A recommendation from someone trusted who knows youis the best way to go, and, even better if that person is a professional in the medical or mental health field. The next step is deciding what type of therapy you wish to engage in. There are varied approaches such as – cognitive, behavioral, psychoanalytic and Gestalt. I encourage setting up the initial appointment on the phone rather than by email, since even a brief conversation provides important information.

Asking the therapist what type of therapy they practice is a good and fair question. They might offer one or a combination of methodologies. After you have gleaned the insight you need ask yourself, “Do I feel that this person can help me?”

Another factor to consider, of course, is your insurance coverage. Most insurance companies today require that you work with a therapist within their own network. The therapist working with insurance companies generally have a contractual agreement with that particular company and agree to a substantially reduced rate.

More established therapists are often unwilling to participate in these insurance networks because they can generally charge more. That said, there are still good therapists within the networks, but you may need to do more research. This means asking your insurance company for a list of mental health providers in your area and interviewing those available until you make a good connection. Ultimately you need to be your own advocate for finding the best practitioner for you. You might even need to stand up to the insurance company if there is a particular therapist outside of its network that is a good match for you. Sometimes the insurance companies will make exceptions and give you coverage if you have a good rationale for needing to see a certain therapist.

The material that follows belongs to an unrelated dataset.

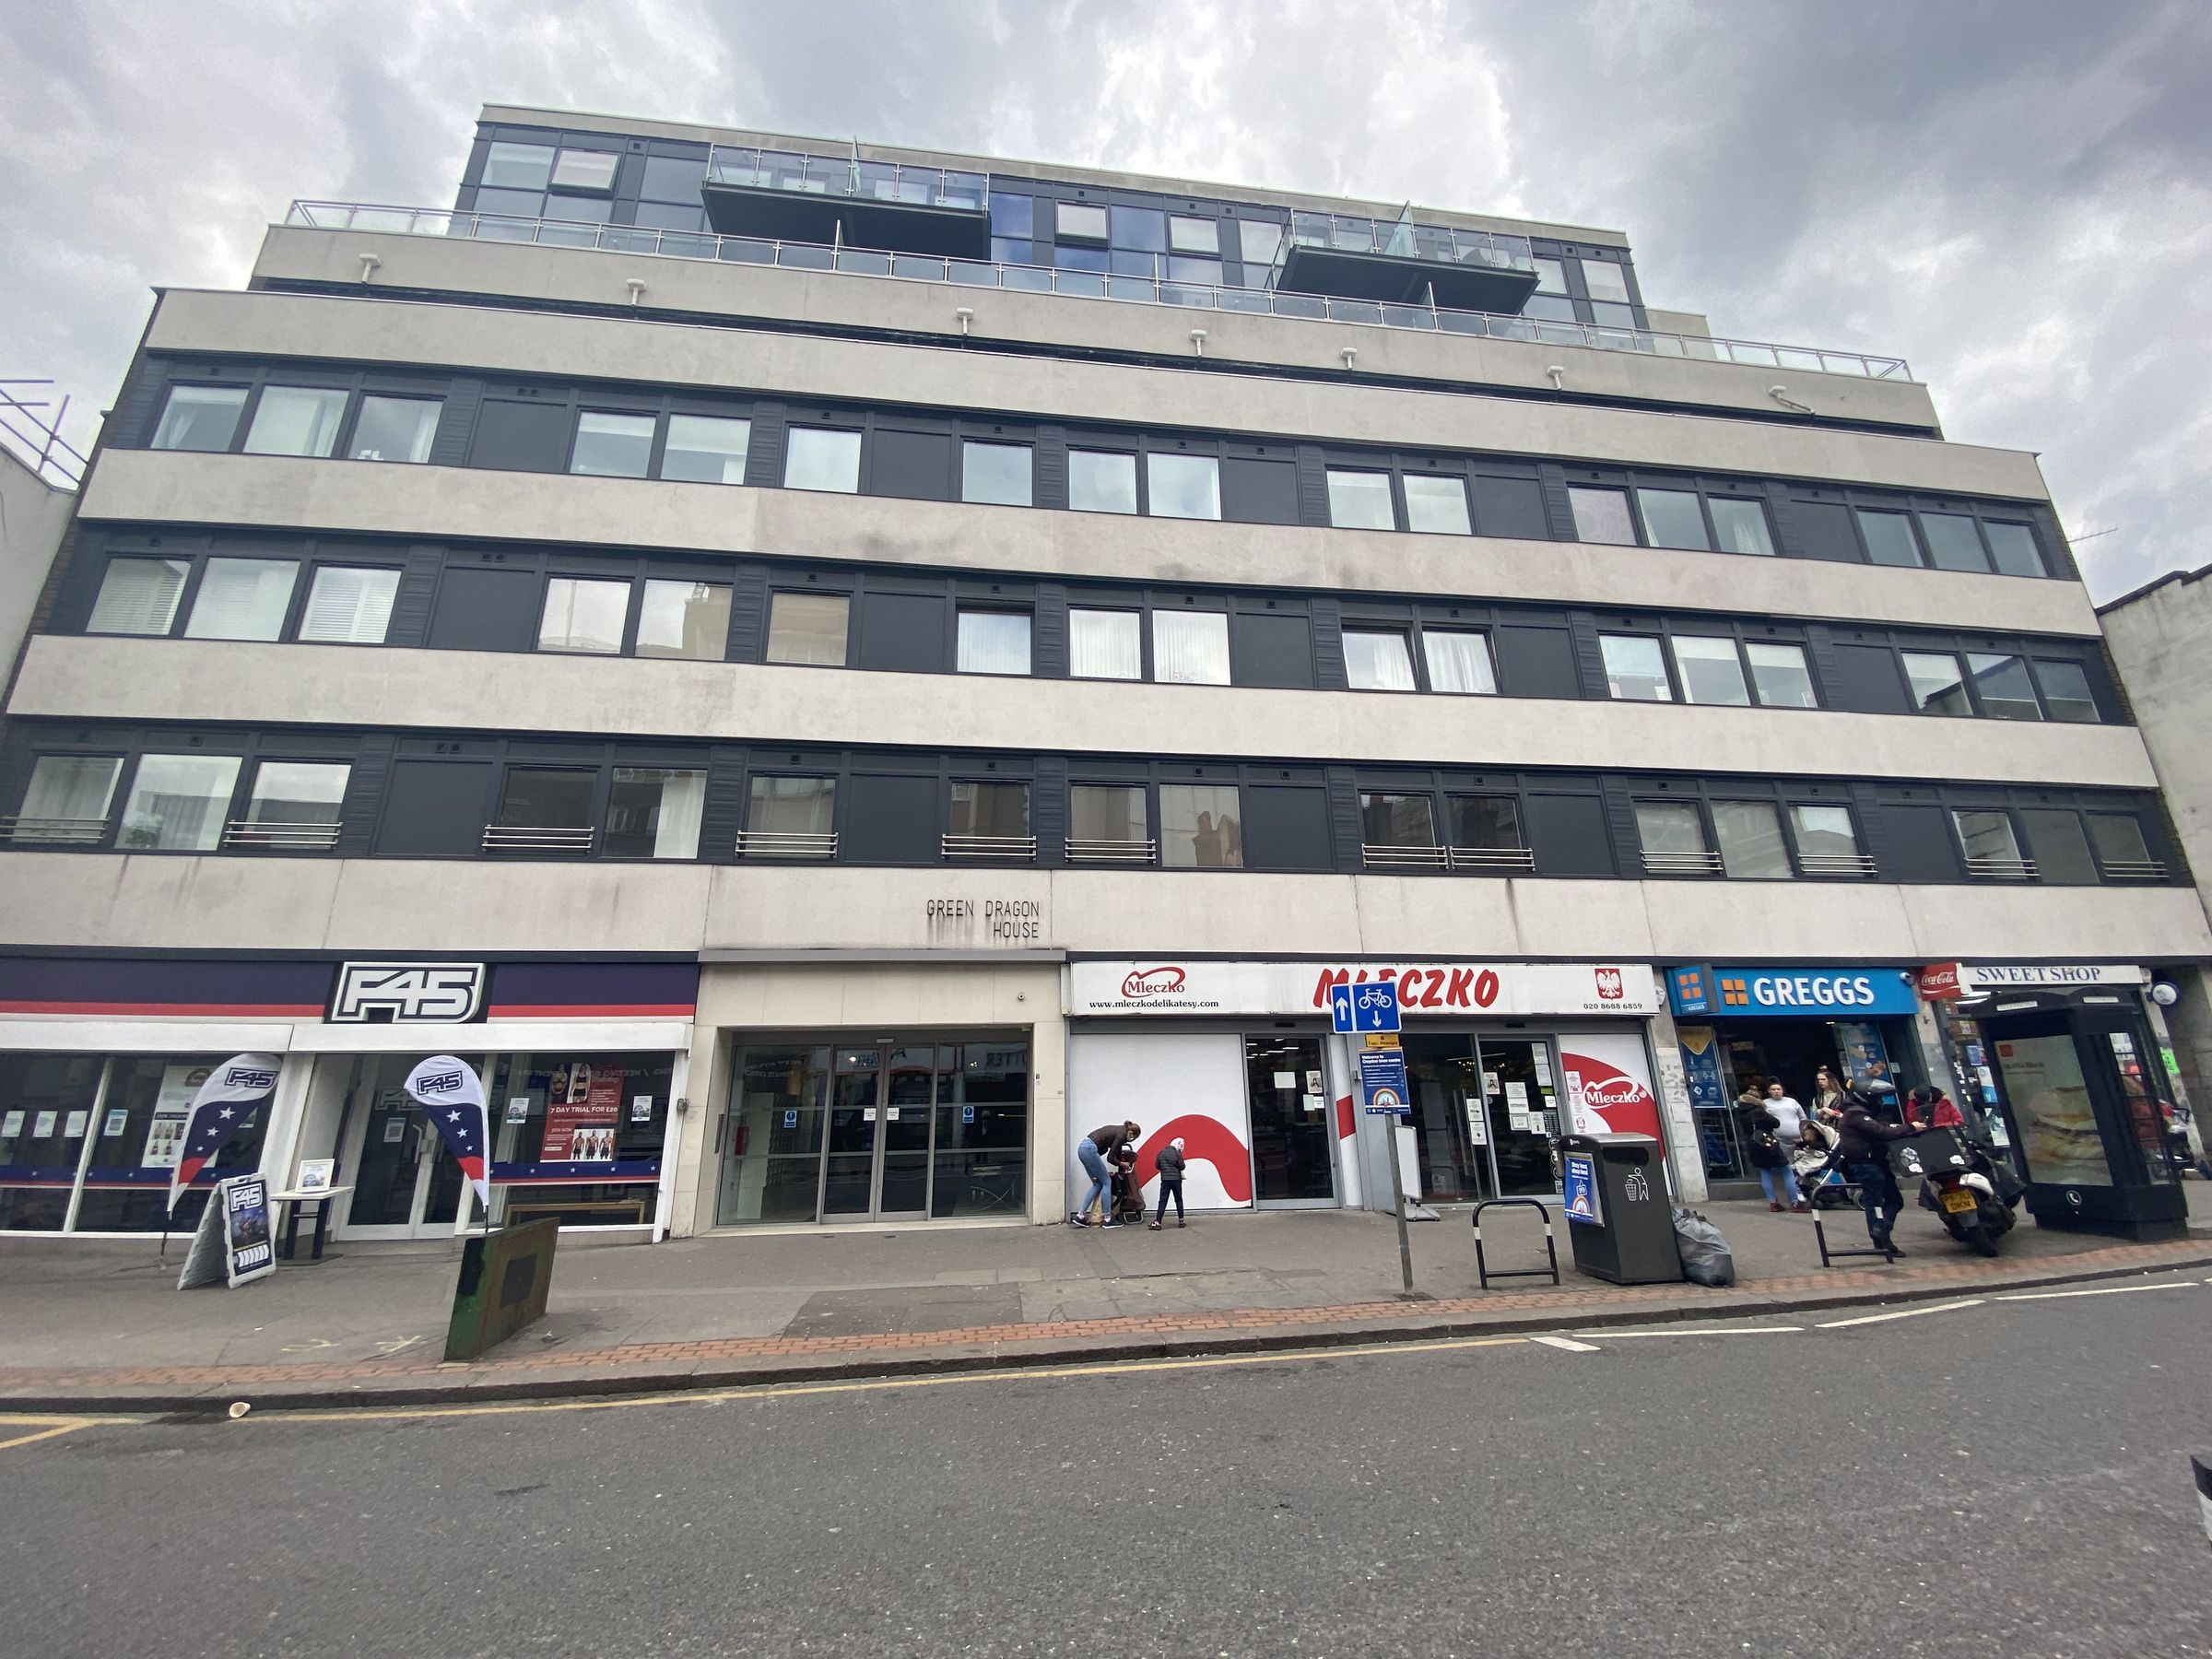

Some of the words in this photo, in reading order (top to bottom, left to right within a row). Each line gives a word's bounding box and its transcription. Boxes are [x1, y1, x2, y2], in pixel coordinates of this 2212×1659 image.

The Internet can also serve as a resource and streamline your search for a therapist. You can learn much about a therapist this way, but again ultimately it is how you feel with this person that should be the deciding factor. Some directories include:

  1. About.com’s UCompare HealthCare
  2. 4therapy.com
  3. findatherapistnow.com
  4. find-a-therapist.com
  5. PsychologyToday.com
  6. Psychology.com

In the case of an emergency it is best to call 911 or go to your nearest hospital emergency room. Your health and safety always come first. The ER is the fastest way to obtain immediate attention when necessary. Ideally you don’t want to wait until there is a crisis to schedule an appointment with a therapist. It is best to connect with someone before one’s emotional world is so compromised.

After you have successfully done the work needed to feel better, my recommendation is that you keep your therapist on board as a resource. It is always good to know that you have a support system in place when and if the time arises again. I think of a therapist as one would a good physician – you go for treatment as needed throughout the life cycle.

Who do you turn to in times of emotional need?